Remember that even if Keith Brown wins due to name-recognition, a strong showing for Chris McEleny would still send a powerful message to the leadership about members' views on the urgency of a referendum.  So from that point of view I feel that a vote for McEleny is an each-way bet that is well worth taking.

Thursday, April 12, 2018

Renew the Section 30 request, put a deadline on it - and then if needs be go ahead and legislate for a referendum anyway

Stuart Campbell of Wings Over Scotland has helpfully moved forward the debate over indyref timing by arguing that the Scottish Government should go ahead and legislate for a second referendum without specifying a date.  I would maybe quibble over whether this proposal stands outside the dispute over timing in quite the way that Stuart thinks, because what many of the people arguing for a long delay really want is for the whole issue of a referendum to fade from public debate, whereas legislating and perhaps triggering a challenge in the Supreme Court would have the opposite effect.  Nevertheless, on paper at least, preparing the ground for a referendum without naming the day ought to be able to unite all shades of opinion on timing.

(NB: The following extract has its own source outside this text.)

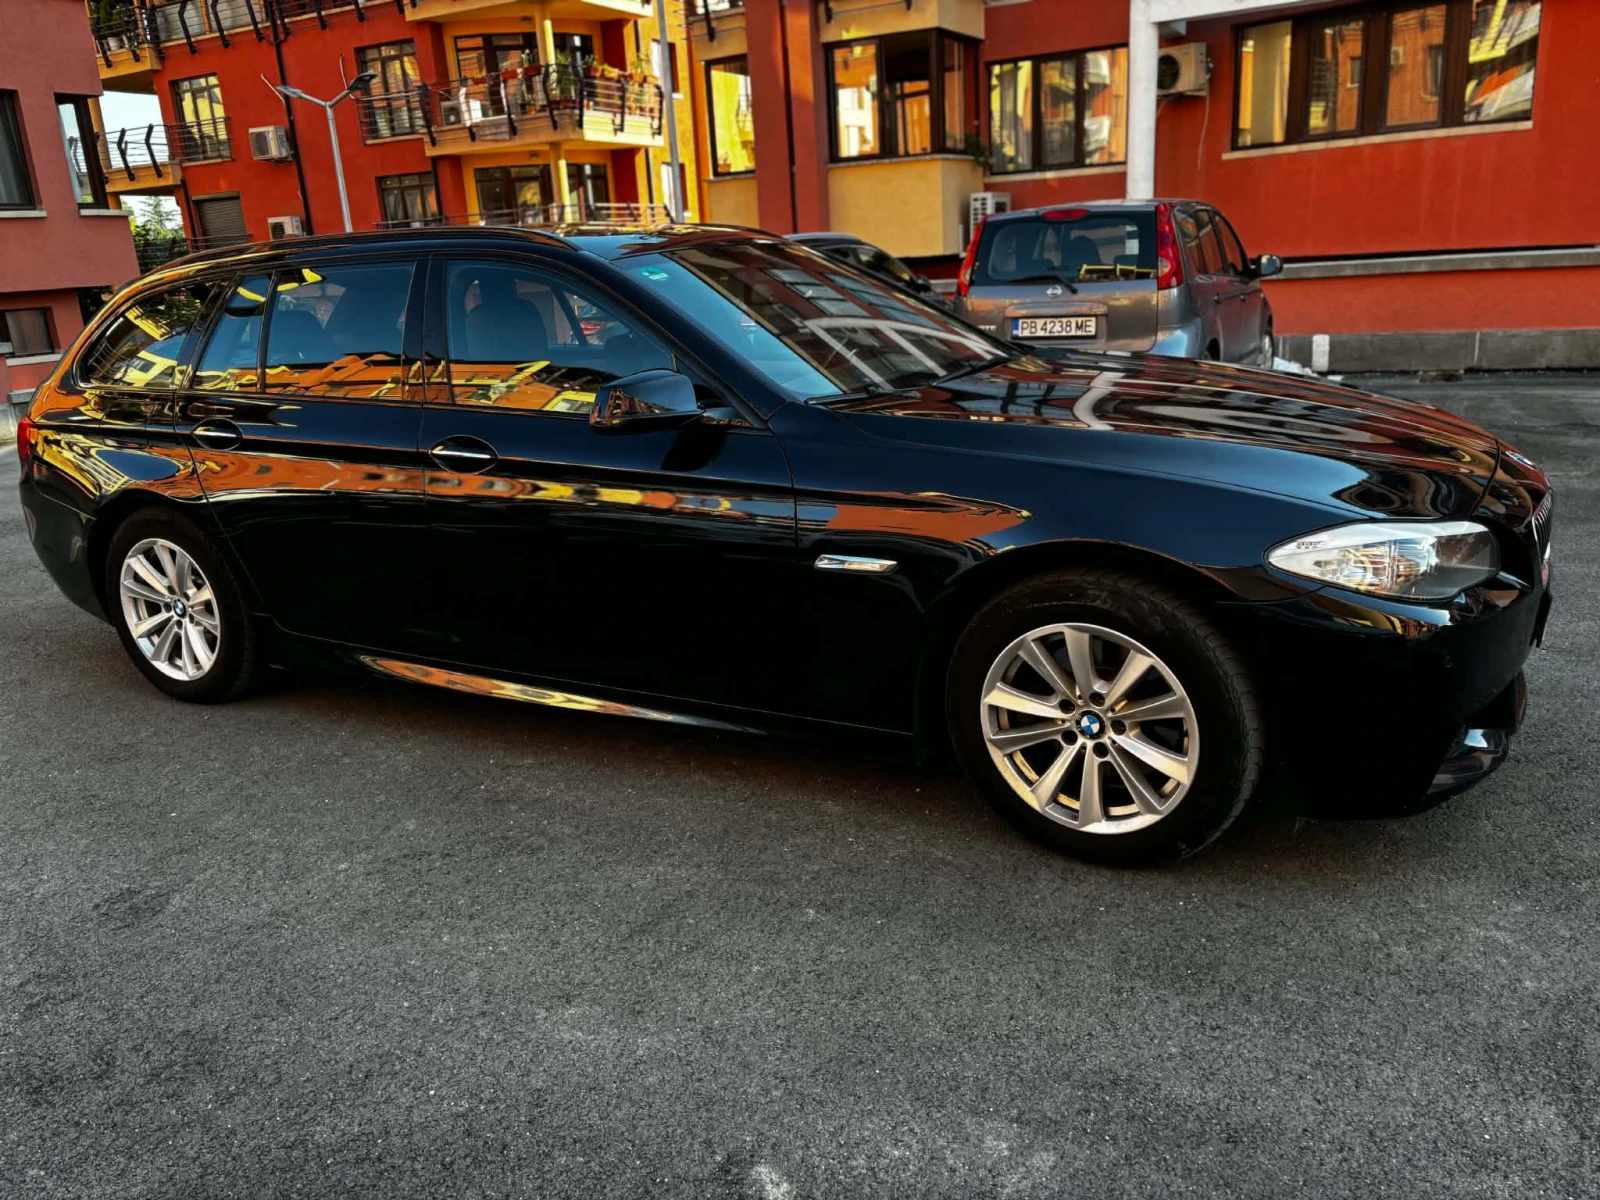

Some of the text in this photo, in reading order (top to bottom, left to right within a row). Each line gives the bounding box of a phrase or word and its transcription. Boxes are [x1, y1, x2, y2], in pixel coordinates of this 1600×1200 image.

[1020, 320, 1038, 335] PB
[1040, 319, 1073, 334] 4238
[1074, 319, 1094, 334] ME

Two key points need to be added to the proposal in my view.  Firstly, the Scottish Parliament should only go ahead and pass a Referendum Bill after the request for a Section 30 order has been revived and clearly rejected.  To avoid further "now is not the time" delaying tactics, the UK government should be given a specific deadline for a definitive response to the Section 30 request, with a failure to give a clear "yes" or "no" by that date being interpreted as rejection.  It must be plainly seen by the public that the Scottish government wanted an agreed process, and only legislated unilaterally after their overtures were spurned.

Secondly, it's important to get the message across that any hypothetical rejection of a Referendum Bill by the Supreme Court will not lead to us all packing up and going home.  Of course we would obey the law, and of course we would not hold a "wildcat referendum".  Instead, we should make clear that if all other options are exhausted, the next Holyrood election will be used to seek an outright mandate for independence.  A negative outcome in the Supreme Court would actually be helpful in the pursuit of that mandate, because it would provide clarity - Yes supporters would be under no doubt that the only way to achieve independence will be by turning out in huge numbers in a Holyrood vote.

Tuesday, April 10, 2018

Twitter poll confirms overwhelming demand within the Yes movement for a pre-2021 referendum

The Western Isles MP Angus Brendan MacNeil has been holding a Twitter poll over the last 24 hours on the timing of an independence referendum.  The results are dramatic, with a combined total of 88% of the thousands of people who took part saying that the current mandate for a pre-2021 referendum should be used.  Just 12% think the mandate should be allowed to expire.


Now of course I'm not going to pretend that a self-selecting Twitter poll is a scientifically rigorous exercise.  Nevertheless I do think it's of some interest.  Public opinion polls tell us about the views of the public, whereas a poll like this captures the views of the demographic that follows SNP parliamentarians on social media - ie. people who are the foot-soldiers of both the Yes movement and of the SNP.  Their opinions do count for something.  And at just over 5000, the sample size is impressive.  Remember that Twitter only allows one vote per account, so it's unlikely that the result was distorted by widespread multiple voting.  People's votes are also anonymous, so if they had wanted to quietly express a preference for letting the mandate expire, they could have done so without any fears.  There just doesn't seem to be much appetite for that option within the movement.